The motivation of this post is a public survey – which you can find below – about the serious terminology issues that we, as data language professionals, are facing. Have your say! Read on and then go and take the survey.
GET UNLIMITED ACCESS TO 160+ ONLINE COURSES
Choose from a wide range of on-demand Data Management courses and comprehensive training programs with our premium subscription.
The Category Jungle Has Eaten “Data Language”

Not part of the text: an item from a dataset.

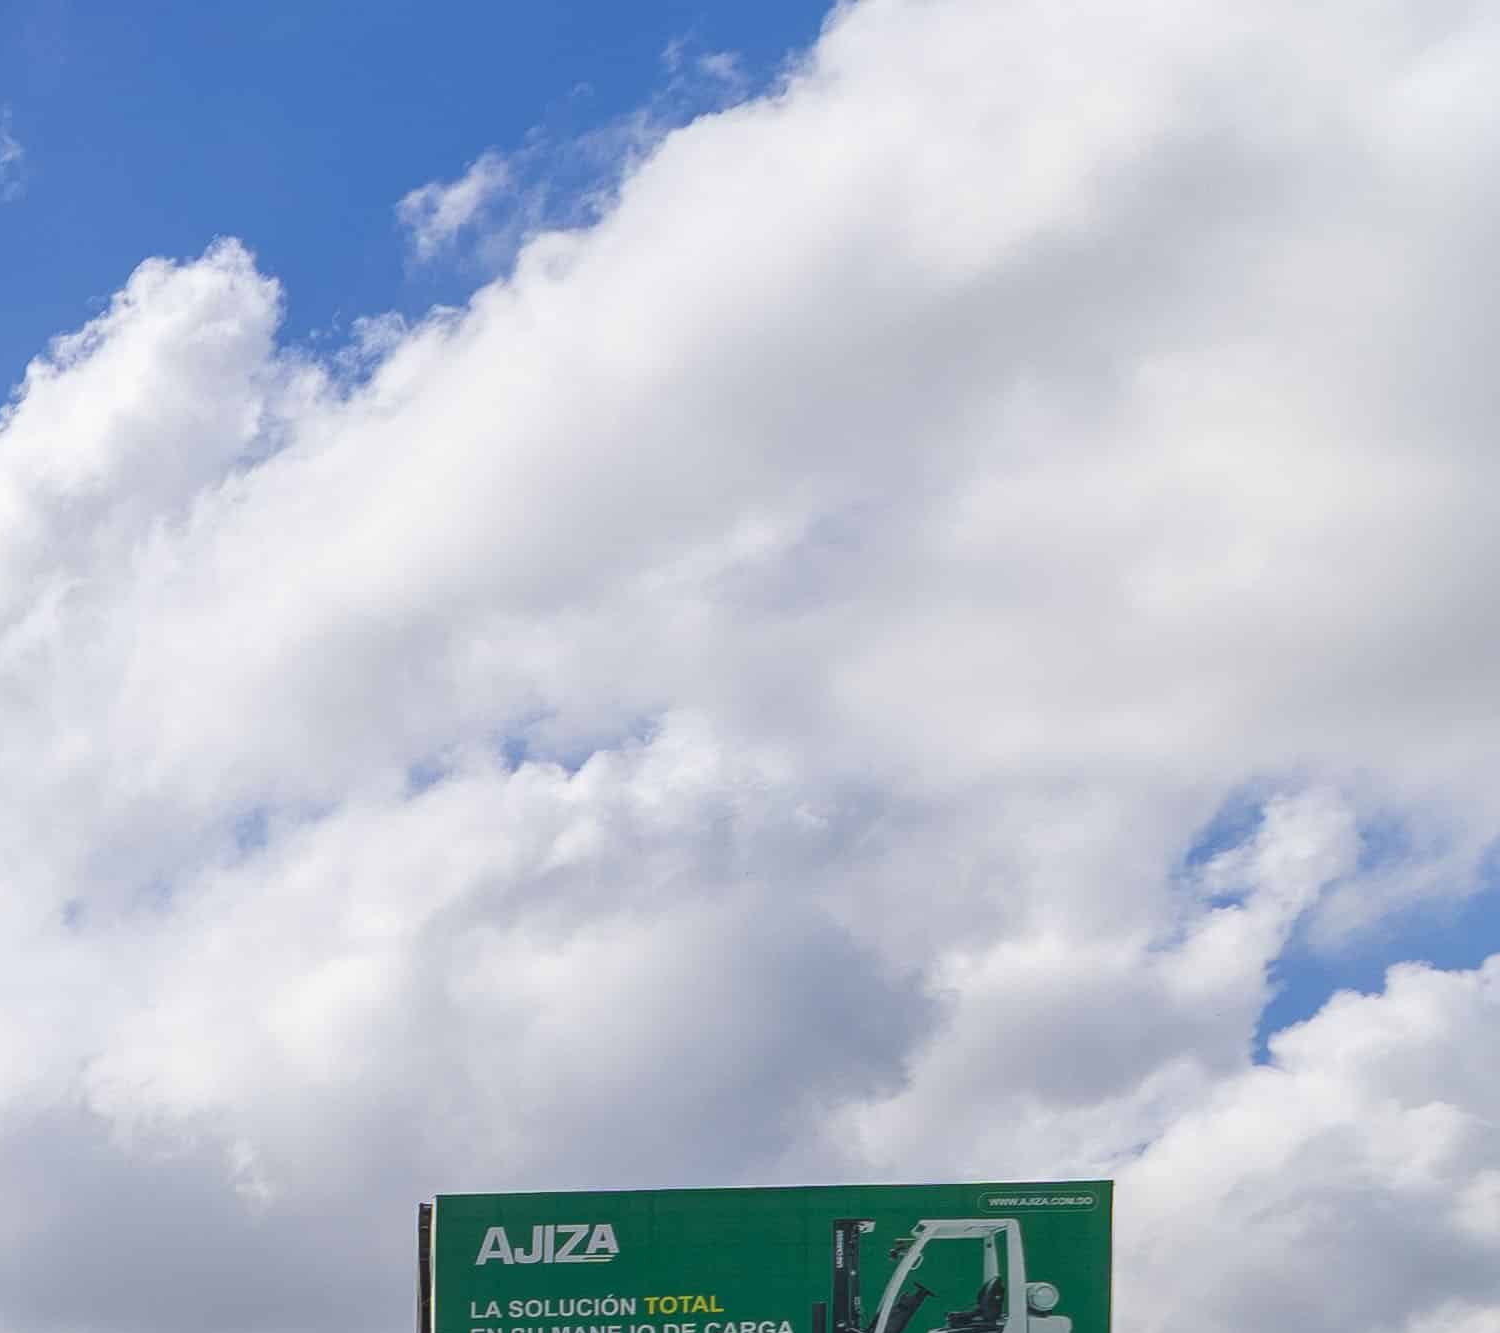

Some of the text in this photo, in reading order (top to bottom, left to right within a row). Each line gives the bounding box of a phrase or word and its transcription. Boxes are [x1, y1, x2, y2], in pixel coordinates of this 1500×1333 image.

[475, 1223, 620, 1265] AJIZA
[470, 1294, 725, 1319] LA SOLUCIÓN TOTAL

Maybe categorization is the issue. In the English version of the Wikipedia entry for DL/I, the letters “D-L-I” stand for “Data Language Interface.” (Don’t let the “Interface” fool you – the Italian version of the same article refers to Data Language One!) According to Wikipedia, the article belongs to the category “Data-Structured Programming Languages.” Data language interface is one of a kind, and the other two subcategories are “array programming languages” and “stack-oriented programming languages.”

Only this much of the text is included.